Acordamos los típicos turnos de limpieza, respetar el silencio por la noche y una regla inquebrantable: nunca, bajo ningún concepto, abrir la «habitación del huésped».
Me dijeron que estaba reservada para visitas familiares. «Nadie tiene por qué entrar ahí», sentenció Andrés con una seriedad que me extrañó.
Las primeras semanas transcurrieron con normalidad, casi con una monotonía reconfortante. Pero los detalles extraños no tardaron en aparecer.
Pequeñas cosas que al principio ignoras, pero que luego se van acumulando.
A veces encontraba notas escritas a mano, deslizadas por debajo de la puerta de la misteriosa habitación.
Por las noches, cuando todo estaba en silencio, juraría escuchar ruidos…
como pasos lentos, arrastrados, al otro lado del pasillo.
Y la puerta del baño, a veces, en plena madrugada, parecía abrirse sola, muy despacio.
Una madrugada, Clara me despertó. Entró en mi cuarto y me susurró con una voz temblorosa que había visto una silueta moverse detrás de la puerta cerrada del fondo.
«Vi una sombra, Julieta, se movía…
pero no había nadie en casa excepto nosotros dos», me dijo, con los ojos muy abiertos.
Nos reímos, pero fue una risa nerviosa, forzada.
Intentamos convencernos de que era el cansancio, la sugestión, el ruido de las cañerías viejas del edificio.
Cualquier cosa antes que admitir que algo no estaba bien.
Poco después, empezaron a desaparecer cosas.
Primero, objetos pequeños, sin importancia: mi taza favorita, esa que tenía un dibujo especial; la sudadera azul de Hugo; bolígrafos, un par de platos.
Luego, cosas más personales: unos audífonos, libros que estábamos leyendo…
una vez, desapareció hasta un cuchillo de la cocina.
El ambiente se volvió cada vez más tenso. Todos nos acusábamos con la mirada, pero nadie admitía nada.
Las sonrisas forzadas desaparecieron y fueron reemplazadas por un silencio incómodo.
Lo peor llegó una noche, cuando un mensaje de un número desconocido apareció en nuestro grupo de WhatsApp.
Era una foto borrosa, mal enfocada, pero se distinguía perfectamente lo que era.
Estaba tomada desde dentro de la «habitación del huésped».
La imagen mostraba nuestras habitaciones, alineadas a lo largo del pasillo, con las puertas ligeramente entornadas.
Había una leyenda debajo de la foto. Solo cuatro palabras: «No estáis solos».
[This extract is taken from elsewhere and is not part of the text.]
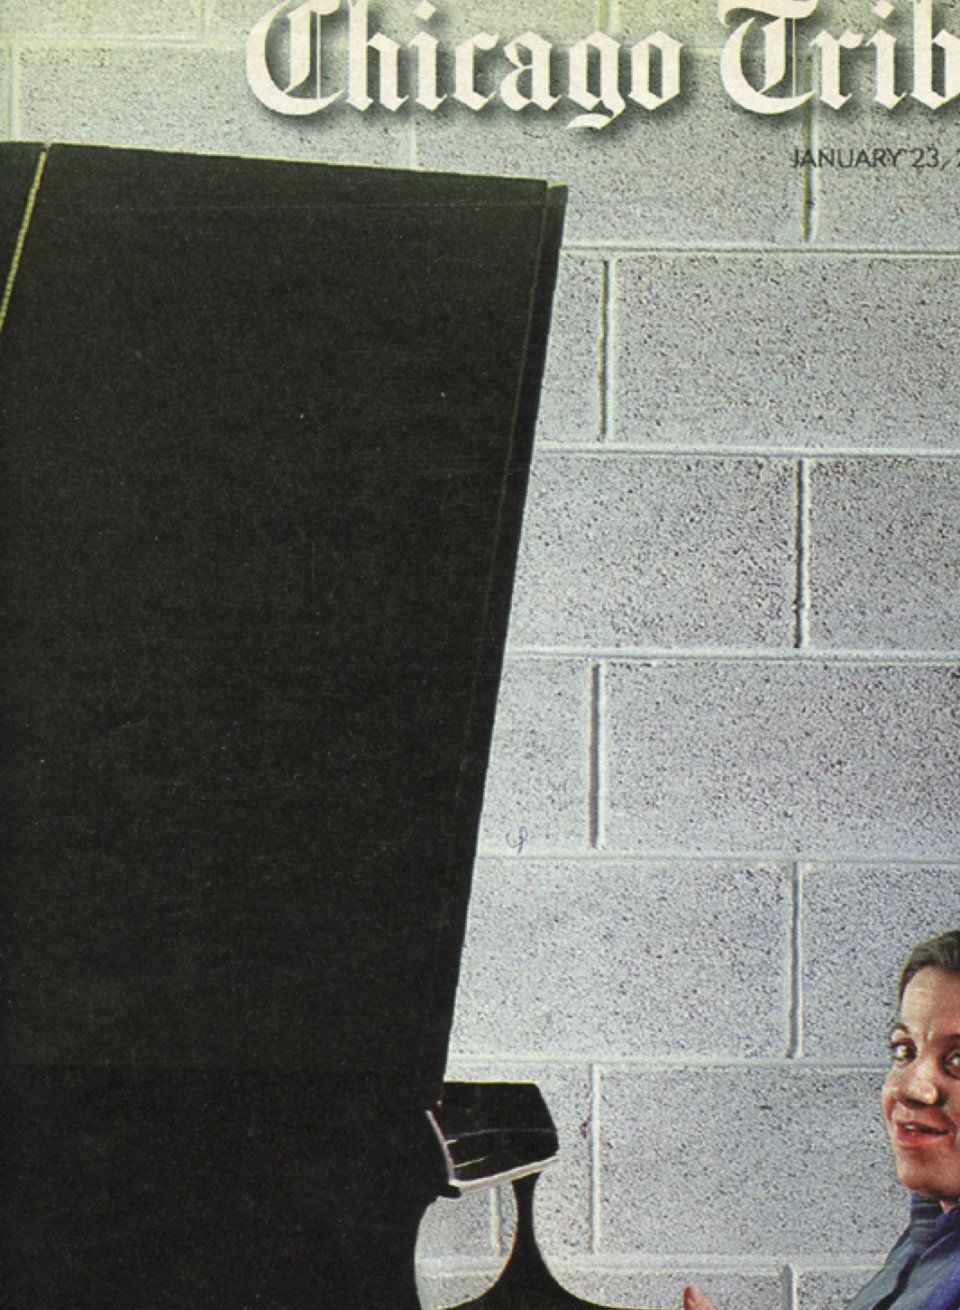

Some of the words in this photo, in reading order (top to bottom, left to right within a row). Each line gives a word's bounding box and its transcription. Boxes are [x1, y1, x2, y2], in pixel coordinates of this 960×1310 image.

[245, 0, 684, 129] Chicago
[791, 148, 902, 169] JANUARY
[913, 148, 947, 172] 23,
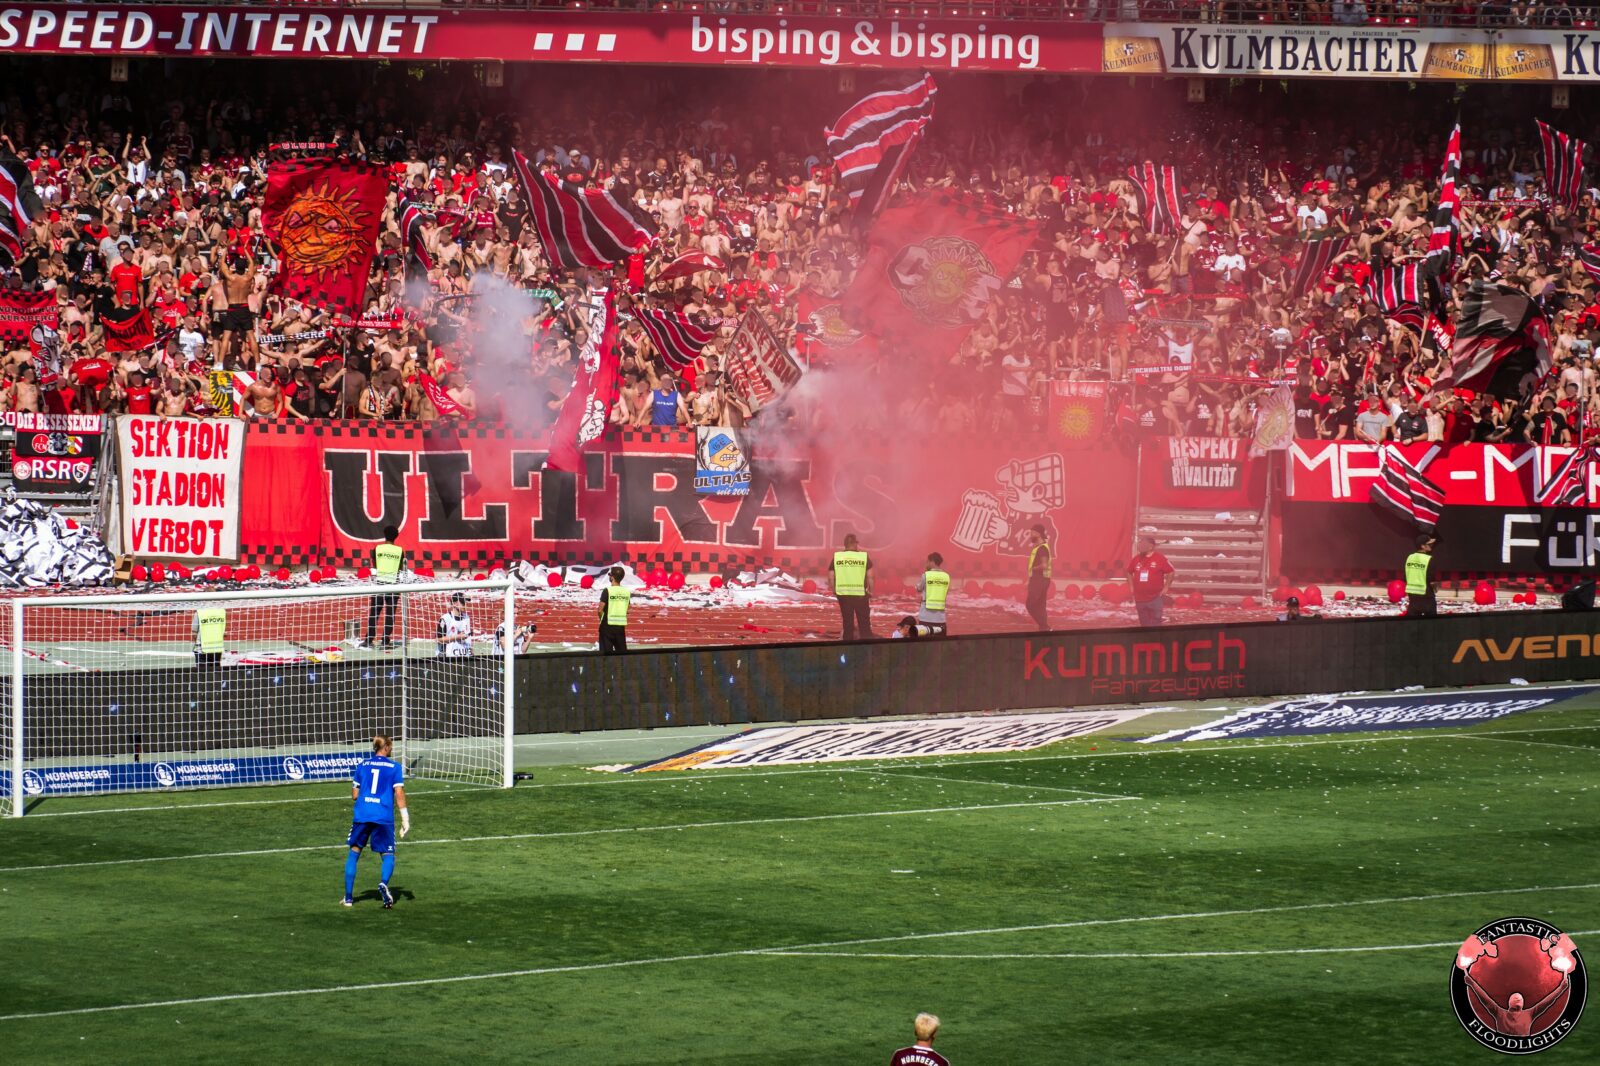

A partir de esa noche, los temores se desataron.
Clara insistía en que teníamos que mudarnos, que no aguantaba más.
Andrés empezó a dormir con la puerta de su cuarto bloqueada con una silla. Y Hugo… Hugo simplemente dejó de aparecer.
Era como si esa habitación del fondo estuviera devorando el ánimo, la paz, la cordura de la casa.
Una mañana, después de una noche de lluvia intensa, pasé por el pasillo y algo me llamó la atención.
En el pomo metálico y desgastado de la puerta prohibida, vi unas gotas secas de un color rojizo. No era óxido. Era… otra cosa.
El miedo pudo más que la prudencia.
Sin decirle nada a nadie, esa misma tarde, cuando me quedé sola, tomé la llave maestra del panel que teníamos en la entrada y la metí en el cerrojo.
Mi corazón latía a un ritmo frenético, parecía que fuese a salirse del pecho, tapaba cualquier otro sonido a mi alrededor. Giré la llave. La puerta cedió con un leve quejido.
Un olor a humedad, a encierro, y a algo más que no supe identificar al principio: un olor a miedo rancio, antiguo.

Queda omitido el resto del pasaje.